__Exercise details__:
These records are to be written out exactly as they read, minus the pictures.
===============
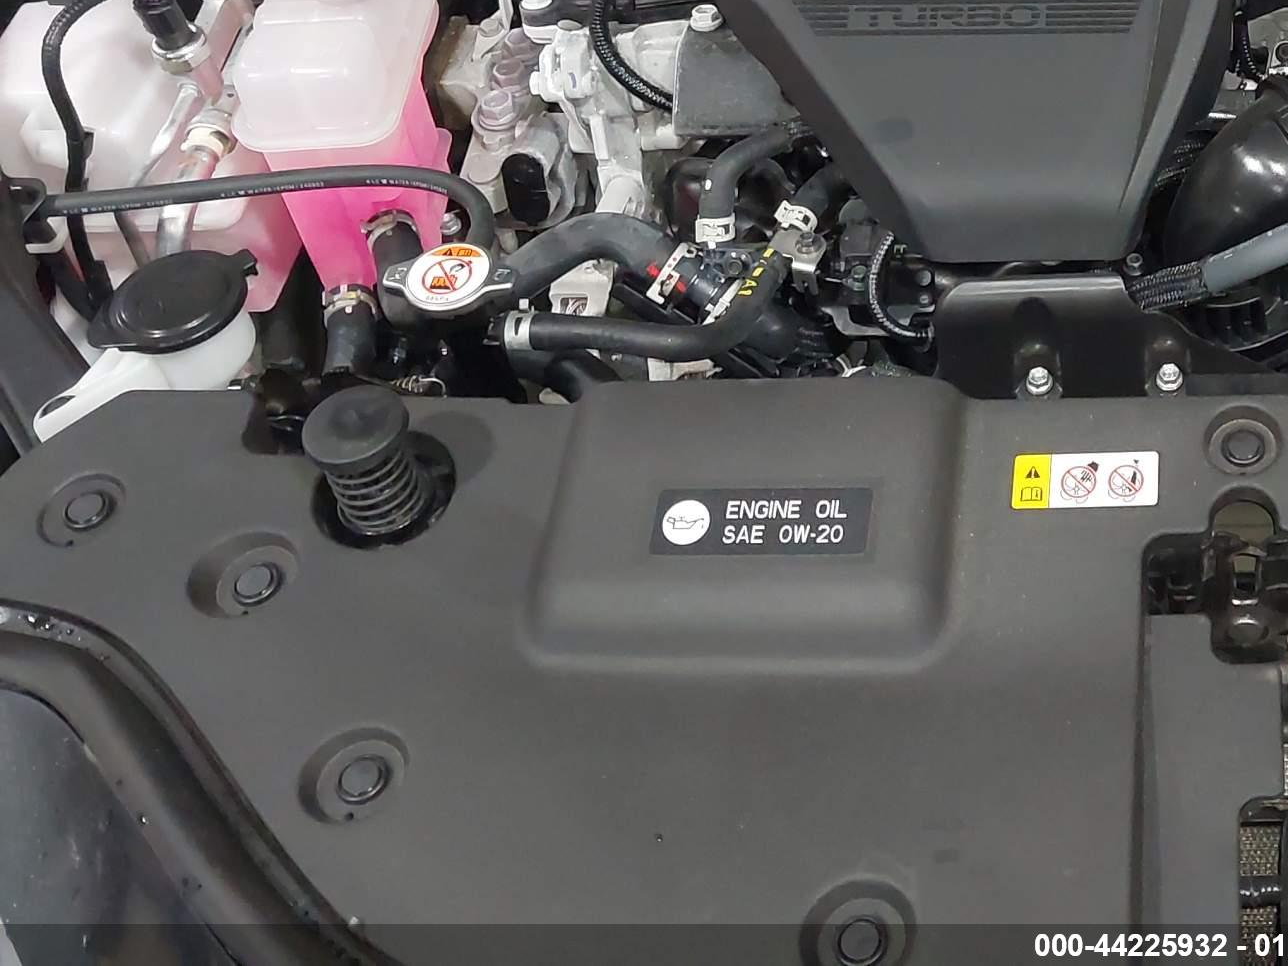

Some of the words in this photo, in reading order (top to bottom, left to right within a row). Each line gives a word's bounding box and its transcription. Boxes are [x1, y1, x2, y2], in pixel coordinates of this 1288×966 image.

[854, 6, 1042, 27] TURBO
[725, 499, 802, 519] ENGINE
[815, 499, 847, 519] OIL
[722, 524, 765, 544] SAE
[779, 524, 844, 544] 0W-20
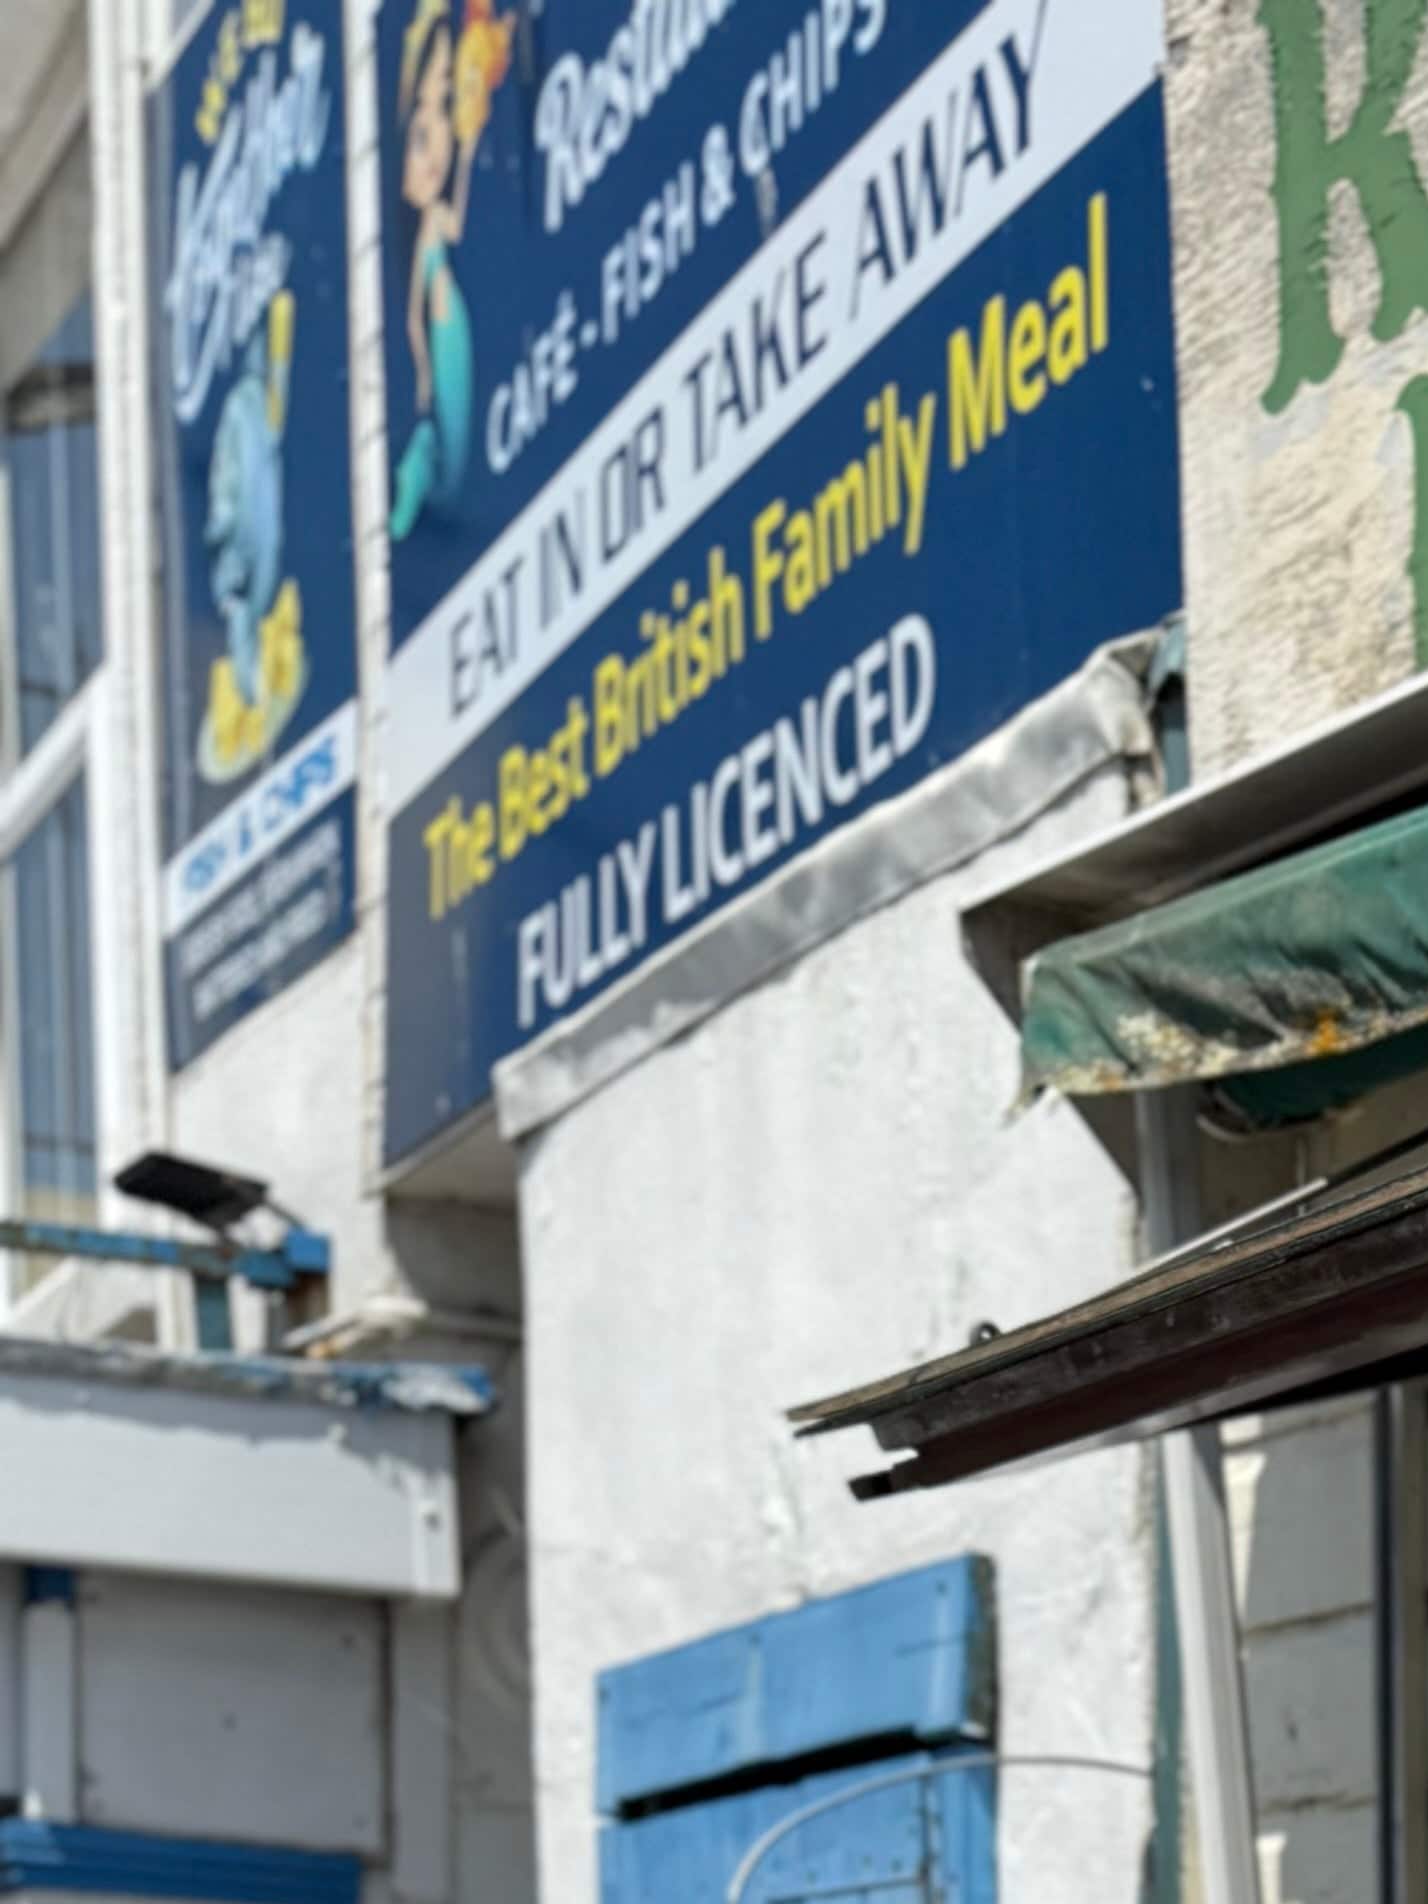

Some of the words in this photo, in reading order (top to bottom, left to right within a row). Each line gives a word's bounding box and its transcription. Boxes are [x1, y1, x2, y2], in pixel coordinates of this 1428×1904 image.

[450, 555, 523, 720] EAT
[539, 487, 586, 633] IN
[600, 403, 667, 566] OR
[682, 229, 829, 476] TAKE
[848, 0, 1048, 324] AWAY
[602, 160, 695, 346] FISH
[702, 122, 736, 228] &
[740, 0, 887, 177] CHIPS
[423, 795, 497, 921] The
[499, 697, 590, 861] Best
[593, 545, 745, 779] British
[751, 380, 936, 642] Family
[947, 191, 1109, 472] Meal
[516, 821, 657, 1031] FULLY
[660, 612, 937, 926] LICENCED
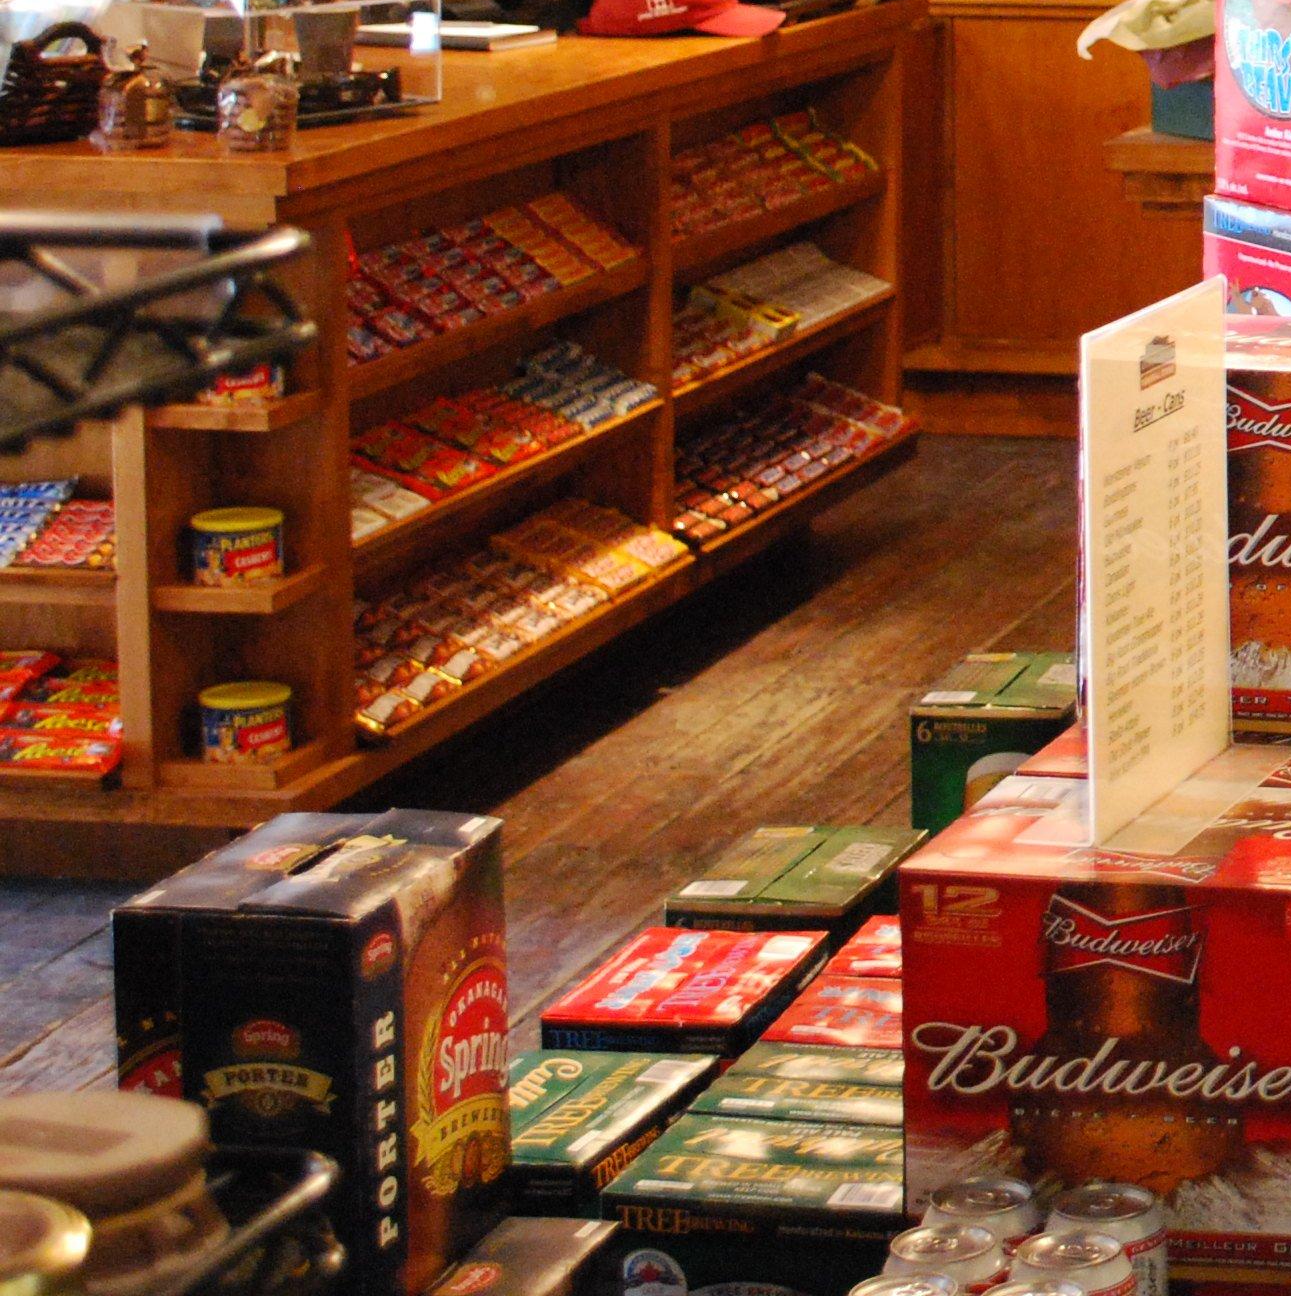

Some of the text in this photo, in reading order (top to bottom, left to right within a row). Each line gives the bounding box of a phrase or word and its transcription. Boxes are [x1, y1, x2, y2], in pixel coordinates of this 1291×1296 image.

[1134, 389, 1186, 429] Beer Cans
[917, 720, 932, 744] 6
[911, 883, 1000, 915] 12
[1042, 911, 1199, 956] Budweiser
[244, 1029, 290, 1046] Spring
[439, 1017, 510, 1099] Spring
[224, 1068, 310, 1087] PORTER
[375, 1010, 399, 1249] PORTER
[657, 1155, 792, 1181] TREE
[617, 1206, 691, 1234] TREE
[1169, 1238, 1257, 1252] MEILLEUR
===============
__Result__:
Some of the words in this photo, in reading order (top to bottom, left to right within a row). Each line gives a word's bounding box and its transcription. Boxes are [x1, y1, x2, y2], in pixel coordinates of this 1288×966 image.

[854, 6, 1042, 27] TURBO
[725, 499, 802, 519] ENGINE
[815, 499, 847, 519] OIL
[722, 524, 765, 544] SAE
[779, 524, 844, 544] 0W-20

Some of the words in this photo, in reading order (top to bottom, left to right within a row). Each line gives a word's bounding box and its transcription. Boxes are [x1, y1, x2, y2], in pixel coordinates of this 1428×1904 image.

[450, 555, 523, 720] EAT
[539, 487, 586, 633] IN
[600, 403, 667, 566] OR
[682, 229, 829, 476] TAKE
[848, 0, 1048, 324] AWAY
[602, 160, 695, 346] FISH
[702, 122, 736, 228] &
[740, 0, 887, 177] CHIPS
[423, 795, 497, 921] The
[499, 697, 590, 861] Best
[593, 545, 745, 779] British
[751, 380, 936, 642] Family
[947, 191, 1109, 472] Meal
[516, 821, 657, 1031] FULLY
[660, 612, 937, 926] LICENCED

Some of the text in this photo, in reading order (top to bottom, left to right within a row). Each line gives the bounding box of a phrase or word and its transcription. Boxes are [x1, y1, x2, y2], in pixel coordinates of this 1291×1296 image.

[1134, 389, 1186, 429] Beer Cans
[917, 720, 932, 744] 6
[911, 883, 1000, 915] 12
[1042, 911, 1199, 956] Budweiser
[244, 1029, 290, 1046] Spring
[439, 1017, 510, 1099] Spring
[224, 1068, 310, 1087] PORTER
[375, 1010, 399, 1249] PORTER
[657, 1155, 792, 1181] TREE
[617, 1206, 691, 1234] TREE
[1169, 1238, 1257, 1252] MEILLEUR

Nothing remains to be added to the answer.